A Eudora military consultant advises Americans not to panic about the recent upsurge in violence in Baghdad.
Mark Johnson, a retired Army lieutenant colonel and former Green Beret, said it was not cause for alarm, nor was it a sign that the fight for control of Iraq is being lost.
"Wars change. Situations change," Johnson said. "What was happening three or four years ago is totally different from what's happening now."
American troops were beefed up in Baghdad and other trouble spots several weeks ago. Still, attacks on U.S. troops have increased, and more than 70 Americans have been killed during October. Troops have cleared neighborhoods and later had to return to clear them again, Maj. Gen. William B. Caldwell said last week in discussing what he called "disheartening" reports.
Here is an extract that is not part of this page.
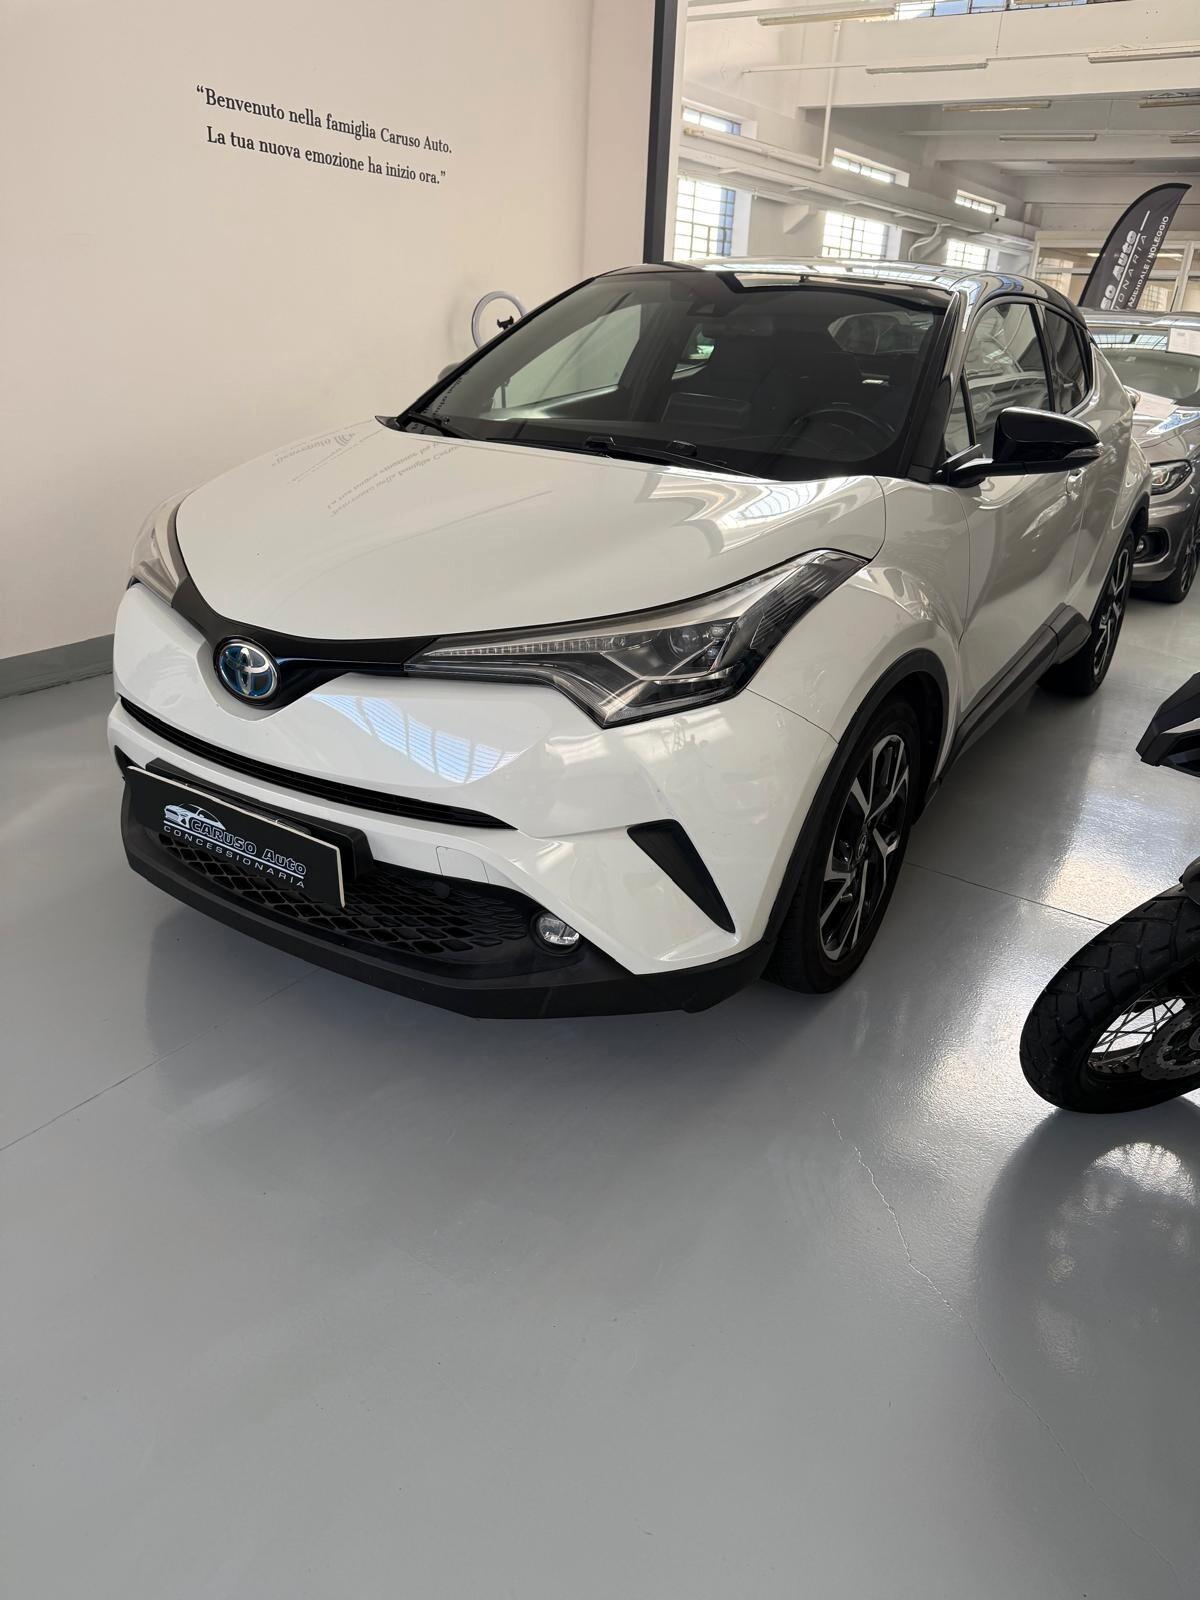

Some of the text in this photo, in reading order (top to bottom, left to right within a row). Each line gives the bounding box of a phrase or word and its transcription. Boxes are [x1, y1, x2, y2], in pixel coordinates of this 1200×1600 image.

Johnson recently returned from the Middle East where he trained special operations and conventional military forces on the latest methods for countering insurgencies, working with Islamic religious leaders and local populations, and defeating improvised explosive devices. He was based in Kuwait.
Military commanders in Iraq and Afghanistan should express their opinions if they think they have new ideas for how to fight in those countries and in the global war on terrorism, Johnson said.
"I think they should speak out and say 'Hey, we need to do this better,'" said Johnson, who earned a Bronze Star during the 1991 war with Iraq. "They should sacrifice their careers, if you will, and make it known that 'this is the way we should do it.'"
Johnson doesn't think much of recently retired generals and other former military commanders who waited until they were no longer on active duty to criticize the Bush administration for the conduct of the wars.
"That, to me, is absolute bunk," he said. "I'm personally appalled by it."
The keys to stabilizing Iraq are building up the Iraqi army and police and winning the respect of the Iraqi people and establishing rapport, Johnson said. American soldiers should emphasize to Iraqis that they are military volunteers and that they have given up their families to spend a year in Iraq to help secure the country. That will lead to more information being developed about insurgents and where to find hidden bombs.
"We are not Islamics, so we are not going to win their hearts and minds, but we can earn their respect and trust," said Johnson, who has written books on leadership. He also makes motivational speaking appearances through his business, Camouflage Communications Inc., when not working for the military.
Despite recent violence, Johnson said, most of Iraq is in "pretty good shape." But he also thinks American forces will be in Iraq in large numbers for at least two to four more years. There are about 140,000 troops in Iraq. He estimated a long-term troop level of about 20,000.
"Today, we're still in Europe, we're still in Korea," he said, naming the locations where Americans have fought past wars.
Johnson also thinks the U.S. is winning the war on terror. He cited the fact there have been no terrorism incidents in this country since 9/11.
"It's not because they are not trying," he said. "We're keeping them busy over there. We're taking away their Fort Braggs and Fort Rileys."